TASK: Please copy out all the data. Every detail stays the same.

(Referring expression grounding data)
+--

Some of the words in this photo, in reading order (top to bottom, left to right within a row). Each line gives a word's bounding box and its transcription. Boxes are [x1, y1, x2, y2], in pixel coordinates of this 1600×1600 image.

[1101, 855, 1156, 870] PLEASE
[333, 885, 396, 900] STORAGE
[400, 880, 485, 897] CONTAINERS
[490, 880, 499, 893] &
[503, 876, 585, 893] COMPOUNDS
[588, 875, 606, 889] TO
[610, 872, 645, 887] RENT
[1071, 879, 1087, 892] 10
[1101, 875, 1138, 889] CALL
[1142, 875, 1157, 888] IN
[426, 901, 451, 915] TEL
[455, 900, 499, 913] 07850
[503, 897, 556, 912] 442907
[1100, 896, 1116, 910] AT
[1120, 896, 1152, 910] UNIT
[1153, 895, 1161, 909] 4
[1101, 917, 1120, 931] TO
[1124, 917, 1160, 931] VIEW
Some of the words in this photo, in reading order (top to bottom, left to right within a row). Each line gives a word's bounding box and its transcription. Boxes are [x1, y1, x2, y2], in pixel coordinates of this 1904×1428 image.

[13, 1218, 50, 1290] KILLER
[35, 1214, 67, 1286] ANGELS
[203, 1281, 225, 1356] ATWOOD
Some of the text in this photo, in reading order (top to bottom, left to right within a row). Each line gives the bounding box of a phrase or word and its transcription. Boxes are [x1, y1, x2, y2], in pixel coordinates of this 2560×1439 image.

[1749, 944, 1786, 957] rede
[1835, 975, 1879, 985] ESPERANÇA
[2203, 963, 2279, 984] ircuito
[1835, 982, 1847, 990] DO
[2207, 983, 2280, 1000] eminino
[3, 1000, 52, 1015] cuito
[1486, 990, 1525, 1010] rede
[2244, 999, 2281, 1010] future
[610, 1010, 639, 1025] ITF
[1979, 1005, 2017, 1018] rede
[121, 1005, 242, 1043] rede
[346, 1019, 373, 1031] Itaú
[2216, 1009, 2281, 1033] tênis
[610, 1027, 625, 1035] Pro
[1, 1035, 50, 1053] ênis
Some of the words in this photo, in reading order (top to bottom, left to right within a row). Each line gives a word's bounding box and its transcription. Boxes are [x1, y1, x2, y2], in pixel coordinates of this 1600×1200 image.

+--

SOLVED PROBLEM:
Some of the words in this photo, in reading order (top to bottom, left to right within a row). Each line gives a word's bounding box and its transcription. Boxes are [x1, y1, x2, y2], in pixel coordinates of this 1600×1600 image.

[1101, 855, 1156, 870] PLEASE
[333, 885, 396, 900] STORAGE
[400, 880, 485, 897] CONTAINERS
[490, 880, 499, 893] &
[503, 876, 585, 893] COMPOUNDS
[588, 875, 606, 889] TO
[610, 872, 645, 887] RENT
[1071, 879, 1087, 892] 10
[1101, 875, 1138, 889] CALL
[1142, 875, 1157, 888] IN
[426, 901, 451, 915] TEL
[455, 900, 499, 913] 07850
[503, 897, 556, 912] 442907
[1100, 896, 1116, 910] AT
[1120, 896, 1152, 910] UNIT
[1153, 895, 1161, 909] 4
[1101, 917, 1120, 931] TO
[1124, 917, 1160, 931] VIEW
Some of the words in this photo, in reading order (top to bottom, left to right within a row). Each line gives a word's bounding box and its transcription. Boxes are [x1, y1, x2, y2], in pixel coordinates of this 1904×1428 image.

[13, 1218, 50, 1290] KILLER
[35, 1214, 67, 1286] ANGELS
[203, 1281, 225, 1356] ATWOOD
Some of the text in this photo, in reading order (top to bottom, left to right within a row). Each line gives the bounding box of a phrase or word and its transcription. Boxes are [x1, y1, x2, y2], in pixel coordinates of this 2560×1439 image.

[1749, 944, 1786, 957] rede
[1835, 975, 1879, 985] ESPERANÇA
[2203, 963, 2279, 984] ircuito
[1835, 982, 1847, 990] DO
[2207, 983, 2280, 1000] eminino
[3, 1000, 52, 1015] cuito
[1486, 990, 1525, 1010] rede
[2244, 999, 2281, 1010] future
[610, 1010, 639, 1025] ITF
[1979, 1005, 2017, 1018] rede
[121, 1005, 242, 1043] rede
[346, 1019, 373, 1031] Itaú
[2216, 1009, 2281, 1033] tênis
[610, 1027, 625, 1035] Pro
[1, 1035, 50, 1053] ênis
Some of the words in this photo, in reading order (top to bottom, left to right within a row). Each line gives a word's bounding box and its transcription. Boxes are [x1, y1, x2, y2], in pixel coordinates of this 1600×1200 image.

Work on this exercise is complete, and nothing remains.